Welche Fragen gestellt werden, hänge von der Anfrage und dem Nutzerverhalten ab, erklärt der Gründer. Letztlich entscheidet die lernfähige KI darüber. „Die Welt ist vermessen. Wir erfinden keine neuen Länder, bauen keine neuen Hotels oder geben auch keine noch geheimeren Reise-Tipps“, sagt Feigelbinder. Es gehe allein um die maximale Relevanz und das beste Angebot für den Nutzer. Fineway will durch die Fragen über den Nutzer seine „Travel-DNA“ bestimmen. Was am Ende für den Urlaubssuchenden rauskommt, sind nach Ansicht des Startups die perfekten Matching-Vorschläge für hochpreisige Fernreisen. Was der User nicht sieht, sind Datenberge aus den Online-Angeboten, die durchforstet und nach der größtmöglichen Übereinstimmung den Vorlieben zugeordnet werden.

03 – Fineway

Score: 76,08 (CAGR: 800%)
Gründungsjahr: 2015
Firmensitz: München
Branche: Travel
Webseite: www.fineway.de

Das Verfahren dahinter nennt sich Attributierung. Fineway geht hier ähnlich wie eine Meta-Suchmaschine oder Aggregations-App vor. Durch Schnittstellen, die an bekannten Plattformen wie Expedia oder Airbnb andocken, werden die Daten in Echtzeit zusammengeführt und ausgewertet. Hiervon würden beide Seiten profitieren, erklärt Gründer Markus Bohl.

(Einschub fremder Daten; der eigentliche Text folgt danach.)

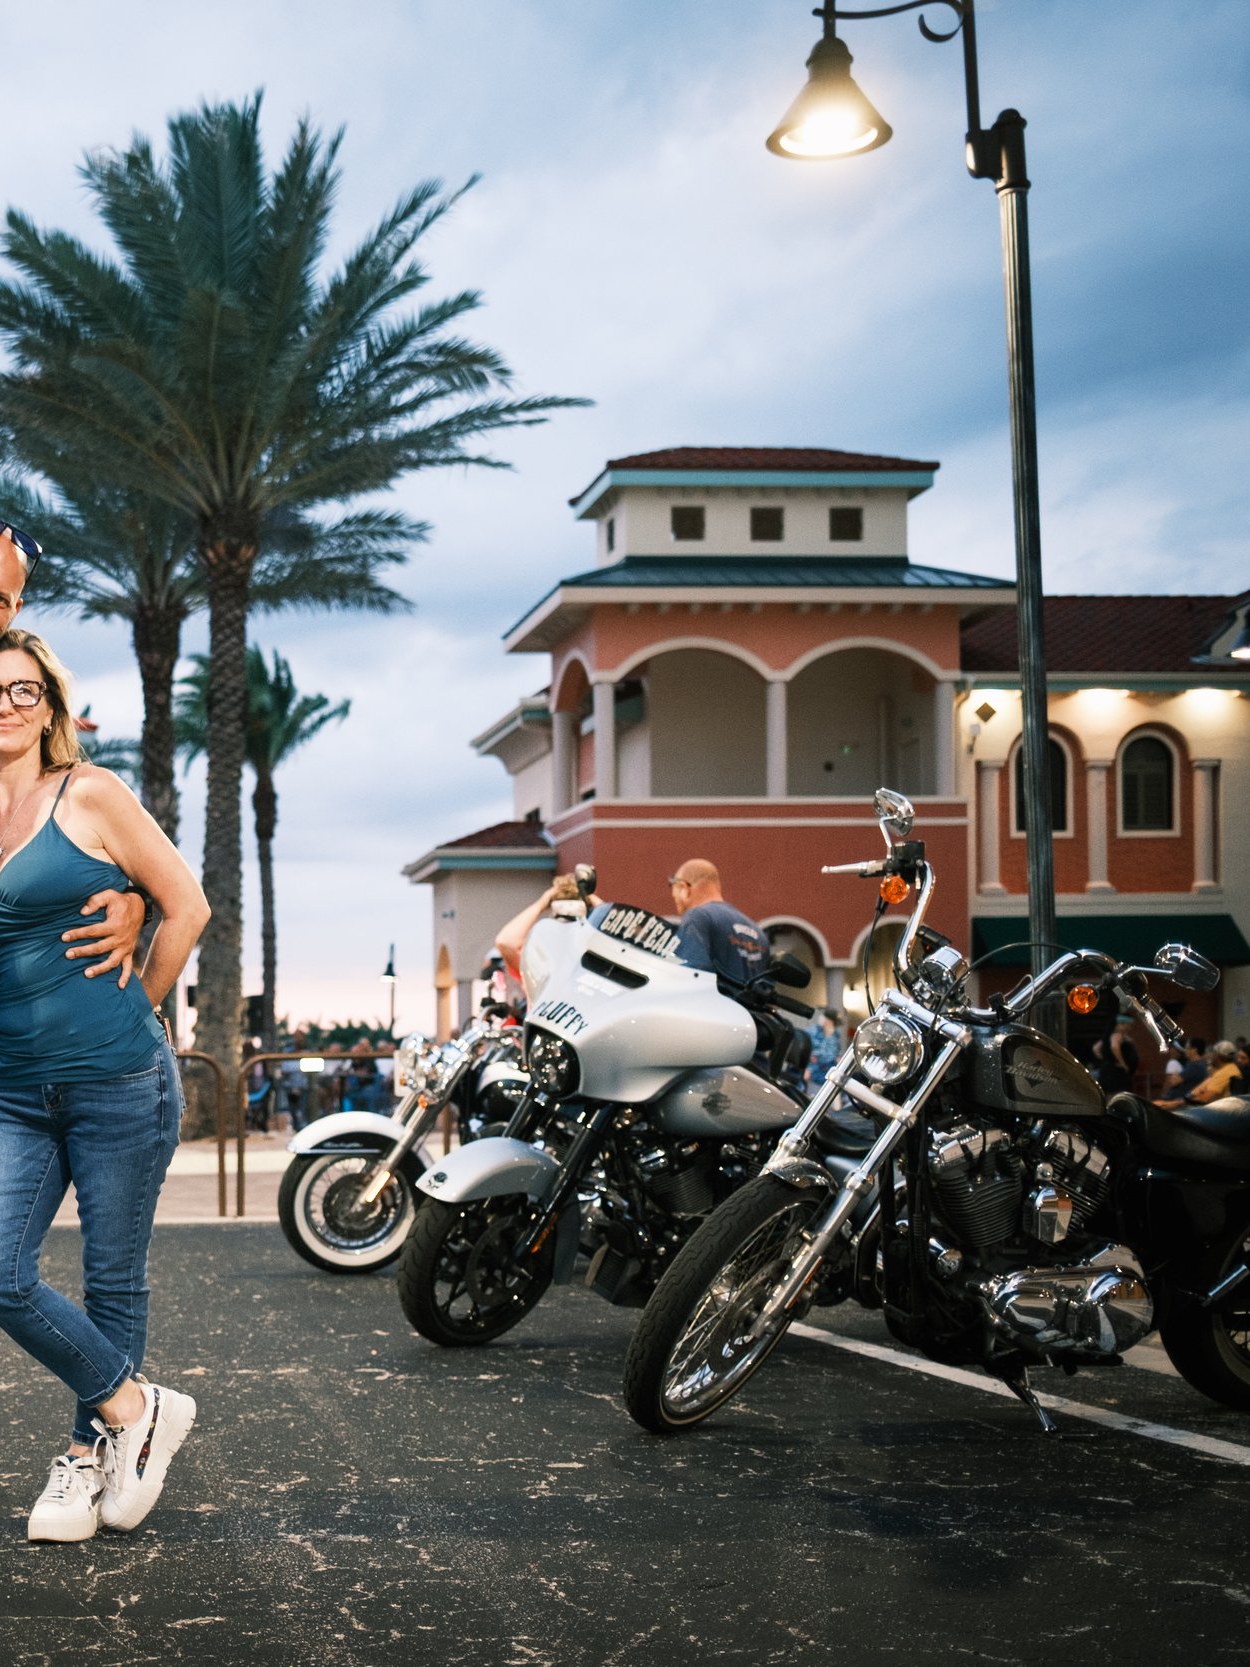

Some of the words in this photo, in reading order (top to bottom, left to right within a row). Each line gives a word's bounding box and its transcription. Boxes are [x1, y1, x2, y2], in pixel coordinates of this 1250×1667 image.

Denn gebucht wird am Ende immer noch über die Online-Anbieter. So wie Flixbus keine eigenen Busse betreibt, verwaltet auch Fineway keine einzige Reisekomponente selbst. Das Startup greift lediglich auf das zu, was im Netz ohnehin angeboten wird. Die KI soll dabei den Durchblick behalten. „Basierend auf dem vom Algorithmus erstellten Reiseplan, kauft das System alle benötigten Reisekomponenten zu den günstigsten Großhandelspreisen in Echtzeit ein und verkauft diese dann als individuelle Komplettreise zum Marktpreis an den Kunden“, erklärt Feigelbinder das Geschäftsmodell.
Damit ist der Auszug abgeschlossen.